If you can manage semi-keto and partial fasting a la Jason Fung (only eat during 8 hours of the day, not the other 16, first meal the later in the day the better.. easiest is to just distract and delay breakfast a little more each day), the hunger problem is likely to go away. No calorie counting required, but do skew toward fat and protein and away from carbs. Calories from fat should always exceed those from carbs, hence it’s good to have a little potato with your butter. But counting ’em is pretty useless. Any diet has to be one you can live with forever, or you’ll rebound when you stop doing it.
If fasting doesn’t help, or the hunger is frequent and painfully urgent, that signals leptin resistance (common down-the-road effect of low thyroid buggering up insulin).
adding on as a ‘working for me’ comment, his video last week gives a good explanation of the issue https://www.youtube.com/watch?v=iPNzwUY486A&t=1s
During 2020 my I accidently fell into this pattern (laziness on my part, not planning) and was dropping 1-2 pounds/month, I had a health scare at the end of the year and started fasting more aggressively (with medical supervision) and am down another 80 pounds this year (was 370 a couple years ago, now down to 225). no calorie counting, and the vast majority of the time, not feeling hungry (for me, when I do feel hungry, frequently I can solve the craving without a lot of calories or insulin spike by eating high fat, high salt foods like avocado to tide me over till the next meal, or next day)
I live alone, so I don’t have the social pressure to eat when others eat, and I found that the low-carb mostly-keto diet also makes me less hungry when I skip meals than if I’ve been eating a lot of carbs, so it may or may not work for you, but ‘works for me’
Oh, the low carb and intermittent fasting do work well for me. Unfortunately, my son has decided he doesn’t want me to do it, so rather than argue with him – there are other hills to die on, here – I’m just doing the low cal and more exercise.
Oh, I usually don’t feel hungry if I don’t keep a regular eating schedule. I just get more and more exhausted and lacking in energy, until I’m dropping things, and eventually stumbling over words, hangry, and unable to speak with expression. And then I start to sing little tuneless angry songs, and then I cry incoherently, as my blood sugar gets lower and lower. Eventually I start shaking and getting cold, or there was one memorable time when I actually started to convulse. Usually I just start to throw up, though. And of course I can’t sleep, or I wake up throwing up, which is always fun, because you have to figure out a way to clean it up and get blood sugar, without throwing it right back up again.

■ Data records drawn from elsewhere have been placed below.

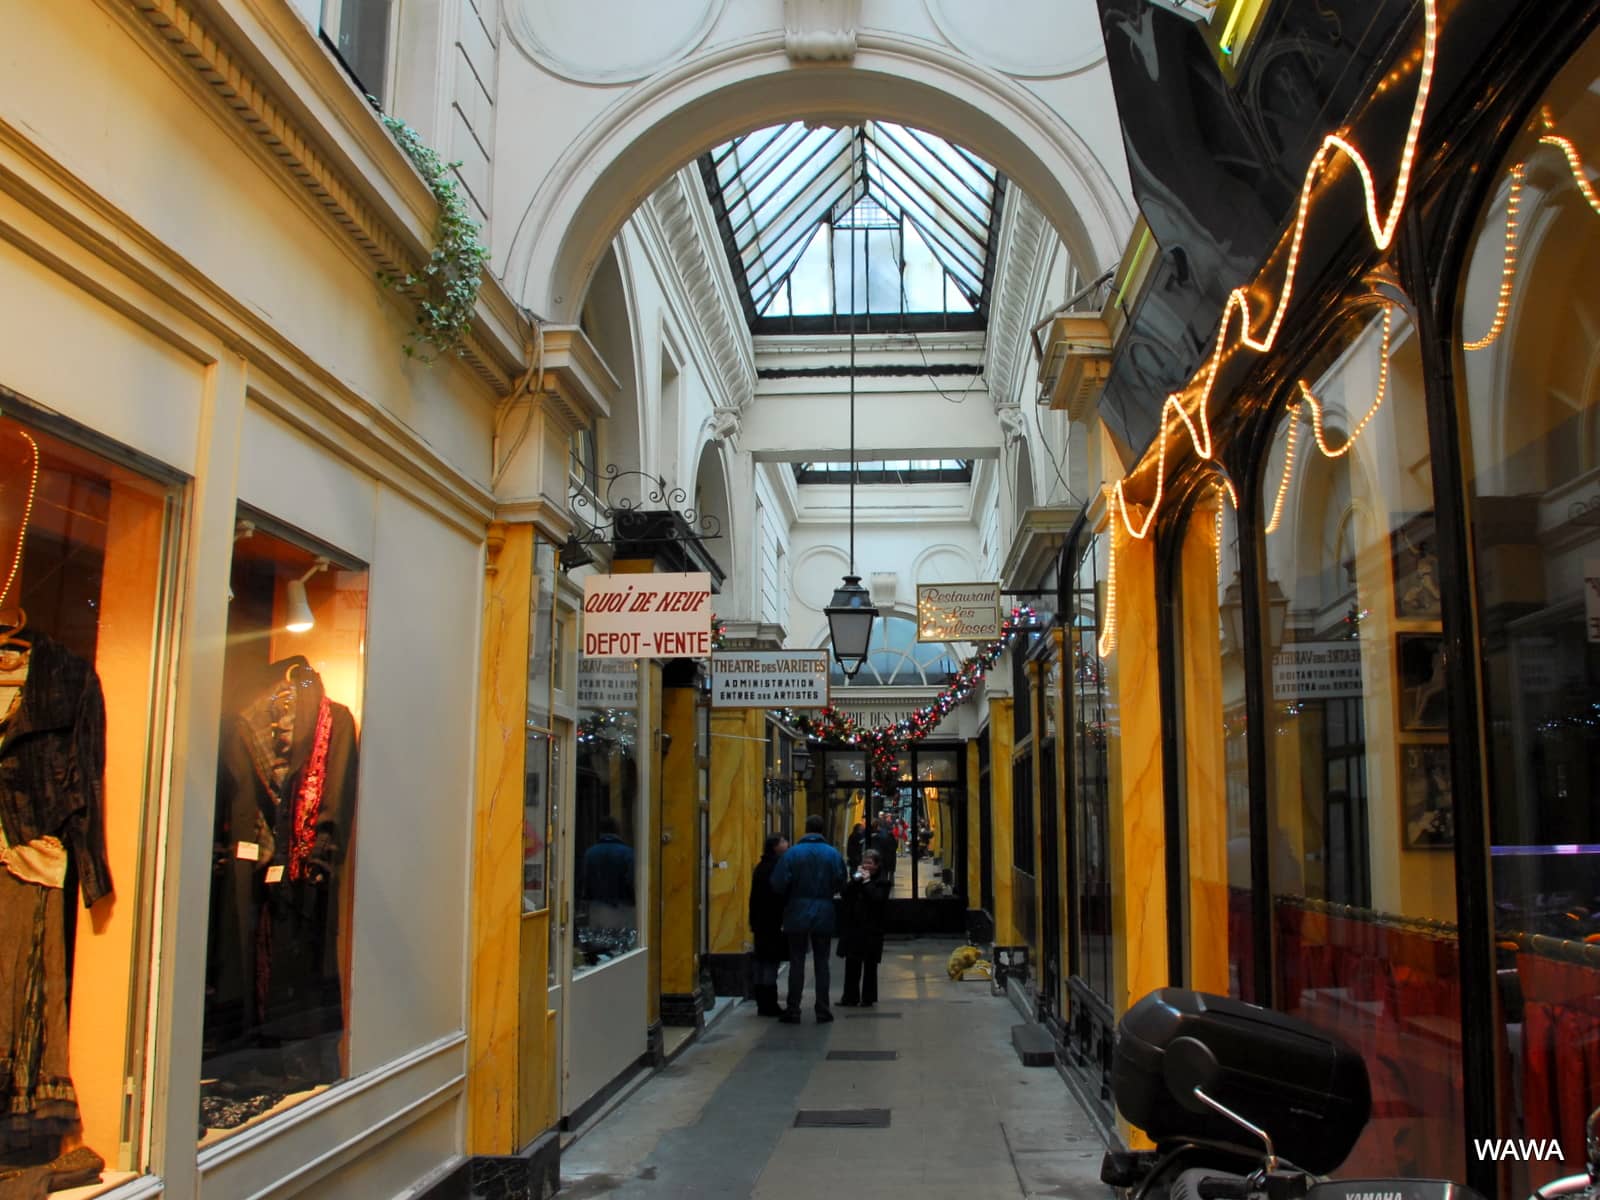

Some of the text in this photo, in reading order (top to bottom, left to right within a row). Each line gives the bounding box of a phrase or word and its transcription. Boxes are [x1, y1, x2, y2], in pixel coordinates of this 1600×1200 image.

[921, 587, 996, 603] Restaurant
[631, 592, 658, 613] DE
[655, 591, 710, 613] NEUF
[943, 605, 976, 618] Les
[761, 663, 776, 673] DES
[725, 679, 814, 688] ADMINISTRATION
[720, 691, 755, 700] ENTREE
[774, 690, 819, 700] ARTISTES
[1346, 1192, 1403, 1200] YAMAHA

Of course, if I’m just home alone, I just stay in bed all day and get nothing done. Don’t have to eat, don’t feel hungry, don’t remember to drink anything, don’t remember to do anything….
Everybody is different. Women have drastically different patterns of reaction to fasting, and different women are drastically different from other women. I can usually manage about 16 hours without eating, but it better be a non-stressful day without much physical activity. 14 hours is more like it.

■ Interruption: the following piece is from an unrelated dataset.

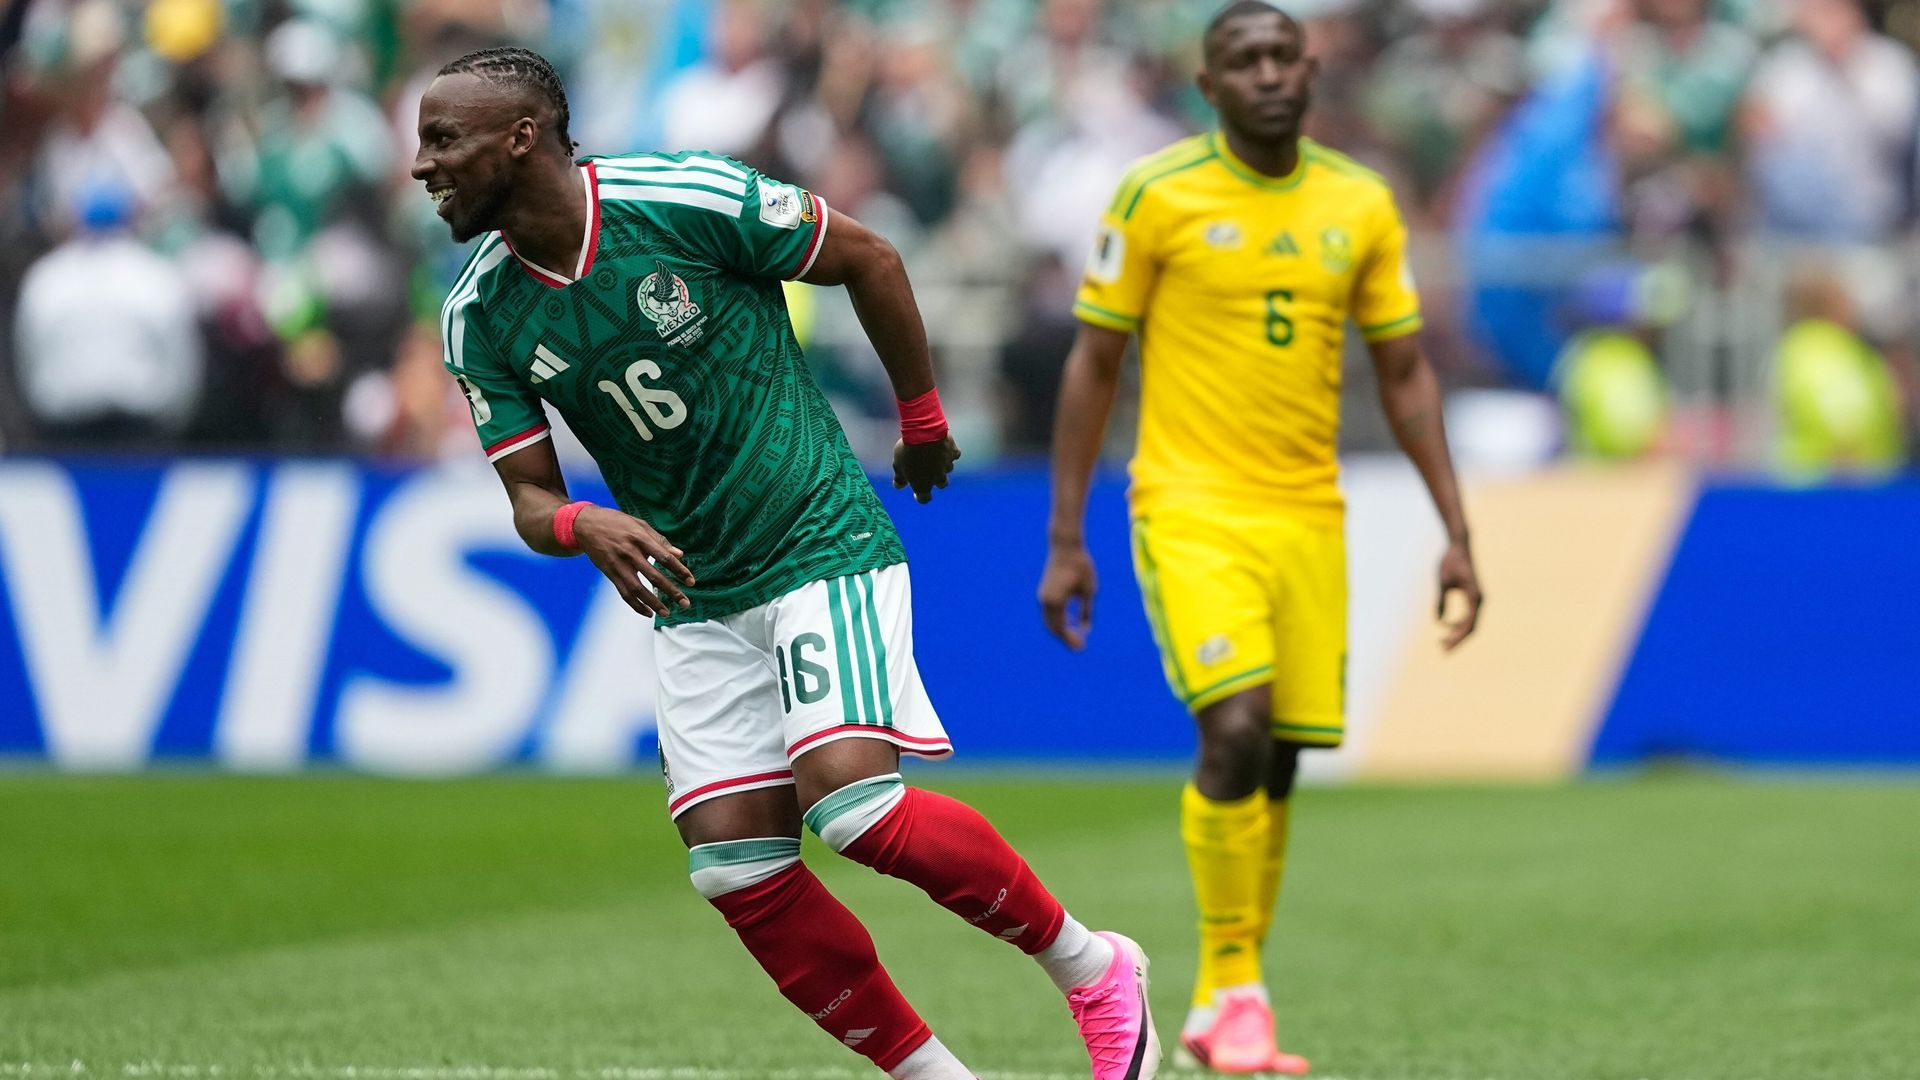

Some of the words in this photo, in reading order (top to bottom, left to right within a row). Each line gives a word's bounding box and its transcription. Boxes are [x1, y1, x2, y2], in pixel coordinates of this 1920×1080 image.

[659, 306, 698, 336] MÉXICO
[1264, 289, 1294, 347] 6
[598, 359, 687, 441] 16
[775, 632, 831, 714] 16

So yeah, not too worried about ketosis happening. It just usually doesn’t, and I’m clearly one of those people who doesn’t get a post-exercise burn. I’m always pleased when I get actual hunger pangs instead of symptoms, because it means my body is actually doing it right.
Non-diabetic low blood sugar tendencies are so so special.

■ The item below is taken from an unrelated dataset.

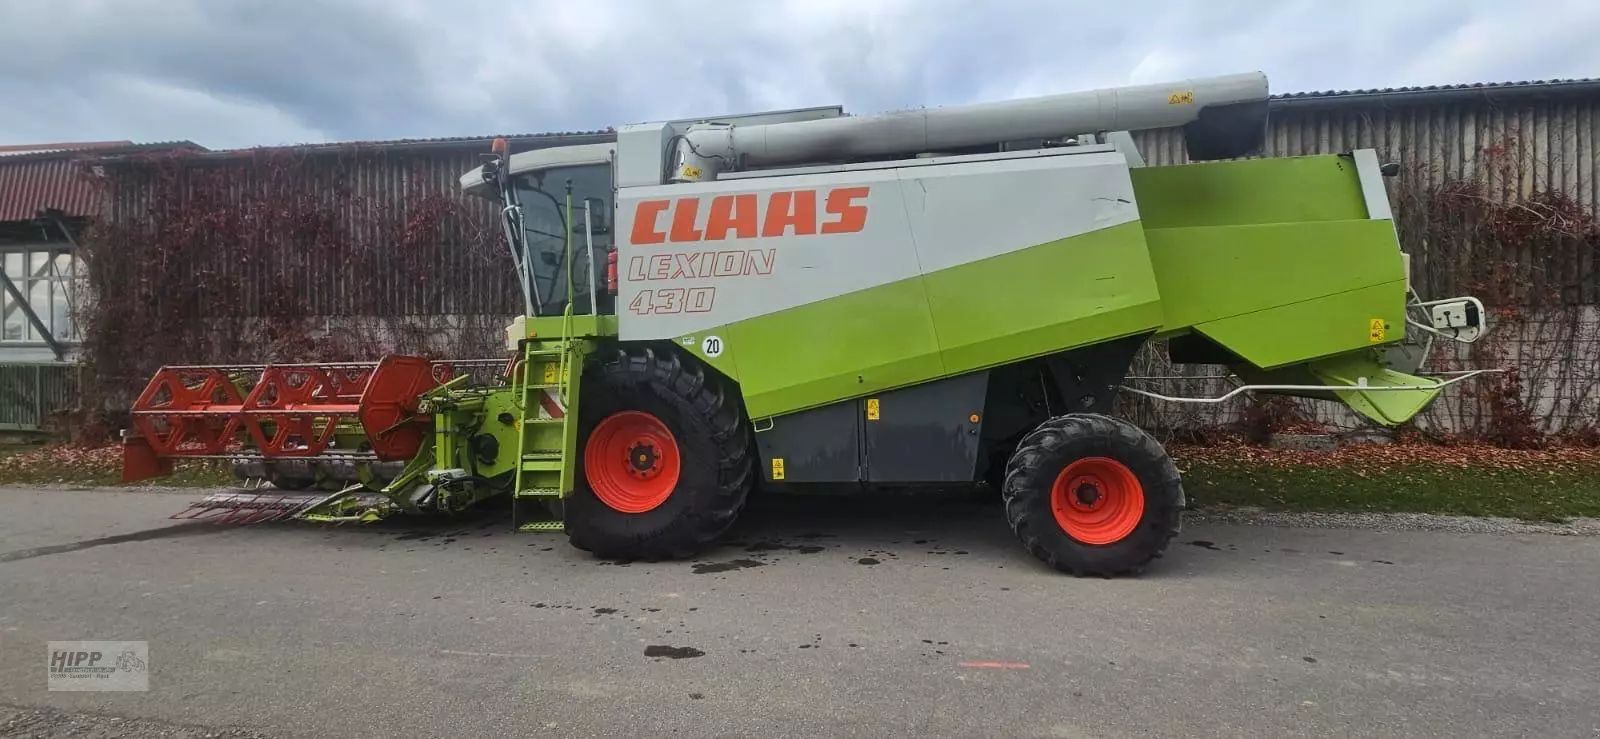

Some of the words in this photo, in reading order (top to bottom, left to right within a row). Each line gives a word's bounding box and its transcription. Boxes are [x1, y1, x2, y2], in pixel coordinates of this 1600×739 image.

[630, 186, 870, 244] CLAAS
[628, 248, 776, 282] LEXION
[628, 286, 716, 315] 430
[706, 338, 720, 354] 20

That sounds like your body is not kicking in to ketosis you may want to take a look at https://www.youtube.com/c/DrMindyPelz she has a lot of info on fasting for women and how to get your body to switch to using ketones instead of glucose. Your liver should produce glucose (from it’s stores initially, then from fat after a while) to prevent the type of crash you are describint
The squirrel is delightful and his bicycle is so graceful and lovely.. It’s more reak than real.
Thank you! That’s the Sanderley squirrel. One of the illustrations in Cute Moose, too.
I’ve been forcing myself to put rump-in-chair and write. I’m just tired, I suspect, and it hit me this week just what next semester’s going to be like (short version: busy). I’m not “feeling it,” but the stories need to go on.